On 13 February 2018, it was announced that Auro Jr. had been signed on loan by Major League Soccer club Toronto FC with an option to buy. He made the decision to come to Toronto after speaking to his São Paulo teammate and former Toronto FC striker Gilberto, turning down opportunities to play in South America, Portugal and Spain (including with La Liga club CD Leganés) in favour of joining Toronto. He made his club debut on 20 February 2018, in a 2–0 away win against the Colorado Rapids in the first leg of their round of 16 CONCACAF Champions League tie. He recorded his first assist on May 18, on Ryan Telfer's game-winning goal against Orlando City SC. In his debut season with the club, Auro made 28 appearances across all competitions, registering five assists.

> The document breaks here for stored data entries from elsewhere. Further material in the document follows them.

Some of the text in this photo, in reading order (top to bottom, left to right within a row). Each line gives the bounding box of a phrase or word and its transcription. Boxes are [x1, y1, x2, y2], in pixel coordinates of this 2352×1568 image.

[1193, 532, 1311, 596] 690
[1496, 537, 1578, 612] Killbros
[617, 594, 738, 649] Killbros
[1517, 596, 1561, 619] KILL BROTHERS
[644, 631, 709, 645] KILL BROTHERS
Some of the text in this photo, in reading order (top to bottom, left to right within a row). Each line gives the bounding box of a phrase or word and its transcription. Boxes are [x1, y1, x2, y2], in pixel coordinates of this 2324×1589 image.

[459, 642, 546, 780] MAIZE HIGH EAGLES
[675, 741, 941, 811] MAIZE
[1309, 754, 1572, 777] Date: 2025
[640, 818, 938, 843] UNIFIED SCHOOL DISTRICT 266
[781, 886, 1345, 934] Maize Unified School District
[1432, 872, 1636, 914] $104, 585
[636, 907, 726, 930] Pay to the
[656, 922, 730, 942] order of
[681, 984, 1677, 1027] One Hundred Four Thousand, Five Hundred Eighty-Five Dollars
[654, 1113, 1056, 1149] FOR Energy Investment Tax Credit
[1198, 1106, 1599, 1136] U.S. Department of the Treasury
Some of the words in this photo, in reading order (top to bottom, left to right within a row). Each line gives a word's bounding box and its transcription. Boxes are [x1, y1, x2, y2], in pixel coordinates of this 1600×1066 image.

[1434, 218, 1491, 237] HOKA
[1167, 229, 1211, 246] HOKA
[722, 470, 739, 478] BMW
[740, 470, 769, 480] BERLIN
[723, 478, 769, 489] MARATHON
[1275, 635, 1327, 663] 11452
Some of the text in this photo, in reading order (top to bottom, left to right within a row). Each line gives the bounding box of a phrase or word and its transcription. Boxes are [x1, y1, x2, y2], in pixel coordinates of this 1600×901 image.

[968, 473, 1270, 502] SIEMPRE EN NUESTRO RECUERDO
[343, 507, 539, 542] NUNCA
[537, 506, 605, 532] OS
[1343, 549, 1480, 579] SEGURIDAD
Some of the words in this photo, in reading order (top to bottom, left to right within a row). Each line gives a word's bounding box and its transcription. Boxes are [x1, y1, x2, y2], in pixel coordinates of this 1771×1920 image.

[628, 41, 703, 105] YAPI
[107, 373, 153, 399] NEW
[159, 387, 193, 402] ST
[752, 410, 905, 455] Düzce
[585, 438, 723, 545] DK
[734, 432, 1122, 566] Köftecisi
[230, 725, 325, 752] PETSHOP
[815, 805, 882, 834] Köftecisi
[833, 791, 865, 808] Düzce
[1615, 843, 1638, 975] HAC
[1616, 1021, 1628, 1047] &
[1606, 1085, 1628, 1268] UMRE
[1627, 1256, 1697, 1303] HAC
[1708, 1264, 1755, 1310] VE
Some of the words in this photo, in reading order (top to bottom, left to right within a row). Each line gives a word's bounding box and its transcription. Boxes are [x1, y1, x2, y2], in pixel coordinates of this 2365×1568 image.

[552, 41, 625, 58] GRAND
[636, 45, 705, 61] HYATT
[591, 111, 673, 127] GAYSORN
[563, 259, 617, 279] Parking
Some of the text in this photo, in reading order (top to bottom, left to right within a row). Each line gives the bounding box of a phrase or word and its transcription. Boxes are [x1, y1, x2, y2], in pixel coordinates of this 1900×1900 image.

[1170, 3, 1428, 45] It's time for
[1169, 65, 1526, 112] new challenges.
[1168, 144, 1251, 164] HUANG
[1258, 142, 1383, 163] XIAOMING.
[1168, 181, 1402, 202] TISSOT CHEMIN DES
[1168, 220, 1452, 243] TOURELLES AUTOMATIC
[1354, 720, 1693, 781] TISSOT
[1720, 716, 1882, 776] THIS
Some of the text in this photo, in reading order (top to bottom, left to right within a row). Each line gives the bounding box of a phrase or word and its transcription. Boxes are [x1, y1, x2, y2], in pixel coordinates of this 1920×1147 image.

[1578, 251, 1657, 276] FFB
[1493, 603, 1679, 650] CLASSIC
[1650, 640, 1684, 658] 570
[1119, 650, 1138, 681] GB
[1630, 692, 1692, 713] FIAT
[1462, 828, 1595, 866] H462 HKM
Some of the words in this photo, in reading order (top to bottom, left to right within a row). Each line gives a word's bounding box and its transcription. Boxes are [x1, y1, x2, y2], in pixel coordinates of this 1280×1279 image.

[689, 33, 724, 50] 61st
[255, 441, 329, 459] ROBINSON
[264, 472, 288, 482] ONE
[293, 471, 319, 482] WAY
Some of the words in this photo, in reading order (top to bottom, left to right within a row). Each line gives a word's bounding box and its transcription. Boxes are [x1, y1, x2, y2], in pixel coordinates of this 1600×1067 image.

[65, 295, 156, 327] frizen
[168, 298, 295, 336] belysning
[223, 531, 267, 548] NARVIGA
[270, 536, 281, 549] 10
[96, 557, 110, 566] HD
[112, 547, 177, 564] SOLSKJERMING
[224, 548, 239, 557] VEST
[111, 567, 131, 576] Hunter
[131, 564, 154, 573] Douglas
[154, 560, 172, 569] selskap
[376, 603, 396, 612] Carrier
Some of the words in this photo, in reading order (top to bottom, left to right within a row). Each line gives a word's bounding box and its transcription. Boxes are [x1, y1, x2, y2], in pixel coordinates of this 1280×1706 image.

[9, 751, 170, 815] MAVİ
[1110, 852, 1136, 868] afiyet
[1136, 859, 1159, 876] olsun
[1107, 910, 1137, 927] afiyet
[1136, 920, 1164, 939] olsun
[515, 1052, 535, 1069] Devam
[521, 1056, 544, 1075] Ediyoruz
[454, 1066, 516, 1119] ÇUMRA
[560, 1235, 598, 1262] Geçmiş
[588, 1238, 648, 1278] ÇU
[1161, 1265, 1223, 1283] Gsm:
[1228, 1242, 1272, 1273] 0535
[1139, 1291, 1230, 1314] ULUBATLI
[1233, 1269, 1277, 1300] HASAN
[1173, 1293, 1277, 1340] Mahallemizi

On 17 December 2018, Toronto opted to purchase Auro Jr. permanently from São Paulo. In 2019, he was determined to be the best right-back in the league according to Opta advanced statistics. He scored his first goal in a pre-season exhibition match on 1 April 2021, from a penalty kick, against Columbus Crew SC. At the end of the 2021 MLS season, Toronto announced they were exercising their contract option on Auro, keeping him at the club through 2022.

====Loan to Santos====
On 14 February 2022, Santos announced the signing of Auro on a one-year loan deal with an option to purchase. He made his debut for the club on 8 March, replacing Vinicius Balieiro at half-time in a 1–1 Copa do Brasil away draw against Fluminense-PI, with his side advancing on penalties. On 22 November 2022, Santos announced that Auro would leave the club at the end of his contract. Toronto also declined his contract option for 2023, making him a free agent.

===Asia===
On 3 March 2023, Auro was announced at Kazakhstan Premier League club Ordabasy.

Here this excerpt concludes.